---
hide_table_of_contents: true
sidebar_position: 2
---

# QA and Chat over Documents

Chat and Question-Answering (QA) over `data` are popular LLM use-cases.

`data` can include many things, including:

* `Unstructured data` (e.g., PDFs)
* `Structured data` (e.g., SQL)
* `Code` (e.g., Python)

Below we will review Chat and QA on `Unstructured data`.

![intro.png](/img/qa_intro.png)

`Unstructured data` can be loaded from many sources.

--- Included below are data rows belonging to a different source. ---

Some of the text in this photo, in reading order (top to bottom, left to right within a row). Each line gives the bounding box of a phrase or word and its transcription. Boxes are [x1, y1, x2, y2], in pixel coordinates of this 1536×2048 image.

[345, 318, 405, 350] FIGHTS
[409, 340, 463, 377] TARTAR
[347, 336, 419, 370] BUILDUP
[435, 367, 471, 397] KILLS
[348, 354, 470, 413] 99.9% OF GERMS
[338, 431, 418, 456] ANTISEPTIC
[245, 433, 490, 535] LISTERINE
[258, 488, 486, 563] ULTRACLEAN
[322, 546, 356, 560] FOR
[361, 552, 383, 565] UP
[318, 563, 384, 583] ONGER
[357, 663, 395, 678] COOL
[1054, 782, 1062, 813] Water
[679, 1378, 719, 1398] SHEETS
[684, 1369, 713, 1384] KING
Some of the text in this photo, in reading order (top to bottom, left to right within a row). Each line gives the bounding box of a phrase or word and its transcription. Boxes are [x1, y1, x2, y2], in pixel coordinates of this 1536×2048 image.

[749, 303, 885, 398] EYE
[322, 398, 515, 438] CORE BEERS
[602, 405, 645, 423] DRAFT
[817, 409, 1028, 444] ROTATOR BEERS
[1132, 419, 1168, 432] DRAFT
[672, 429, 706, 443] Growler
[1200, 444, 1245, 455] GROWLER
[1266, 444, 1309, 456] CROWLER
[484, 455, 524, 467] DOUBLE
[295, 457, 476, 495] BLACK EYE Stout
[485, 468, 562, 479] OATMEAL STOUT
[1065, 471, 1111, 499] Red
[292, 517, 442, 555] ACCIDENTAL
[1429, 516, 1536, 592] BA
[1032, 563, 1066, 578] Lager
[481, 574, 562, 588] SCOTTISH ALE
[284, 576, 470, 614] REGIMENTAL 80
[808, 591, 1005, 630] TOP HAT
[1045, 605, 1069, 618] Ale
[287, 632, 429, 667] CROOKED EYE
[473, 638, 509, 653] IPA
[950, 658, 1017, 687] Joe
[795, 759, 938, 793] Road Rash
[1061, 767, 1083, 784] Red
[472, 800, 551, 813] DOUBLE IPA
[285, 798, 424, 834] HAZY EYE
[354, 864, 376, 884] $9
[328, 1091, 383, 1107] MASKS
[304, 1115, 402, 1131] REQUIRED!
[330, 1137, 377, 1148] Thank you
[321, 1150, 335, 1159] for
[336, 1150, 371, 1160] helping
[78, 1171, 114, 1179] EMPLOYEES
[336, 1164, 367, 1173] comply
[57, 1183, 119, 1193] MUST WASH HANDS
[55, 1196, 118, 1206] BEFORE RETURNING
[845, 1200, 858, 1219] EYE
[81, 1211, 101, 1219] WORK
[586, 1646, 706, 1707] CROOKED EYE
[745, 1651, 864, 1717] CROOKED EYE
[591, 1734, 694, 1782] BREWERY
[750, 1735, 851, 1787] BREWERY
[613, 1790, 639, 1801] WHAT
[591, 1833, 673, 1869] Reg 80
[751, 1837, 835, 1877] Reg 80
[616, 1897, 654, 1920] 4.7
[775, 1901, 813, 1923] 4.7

Check out the [document loader integrations here](/docs/modules/data_connection/document_loaders/) to browse the set of supported loaders.

Each loader returns data as a LangChain `Document`.

`Documents` are turned into a Chat or QA app following the general steps below:

* `Splitting`: [Text splitters](/docs/modules/data_connection/document_transformers/) break `Documents` into splits of specified size
* `Storage`: Storage (e.g., often a [vectorstore](/docs/modules/data_connection/vectorstores/)) will house [and often embed](https://www.pinecone.io/learn/vector-embeddings/) the splits
* `Retrieval`: The app retrieves splits from storage (e.g., often [with similar embeddings](https://www.pinecone.io/learn/k-nearest-neighbor/) to the input question)
* `Output`: An [LLM](/docs/modules/model_io/models/llms/) produces an answer using a prompt that includes the question and the retrieved splits

![flow.jpeg](/img/qa_flow.jpeg)

## Quickstart

Let's load this [blog post](https://lilianweng.github.io/posts/2023-06-23-agent/) on agents as an example `Document`.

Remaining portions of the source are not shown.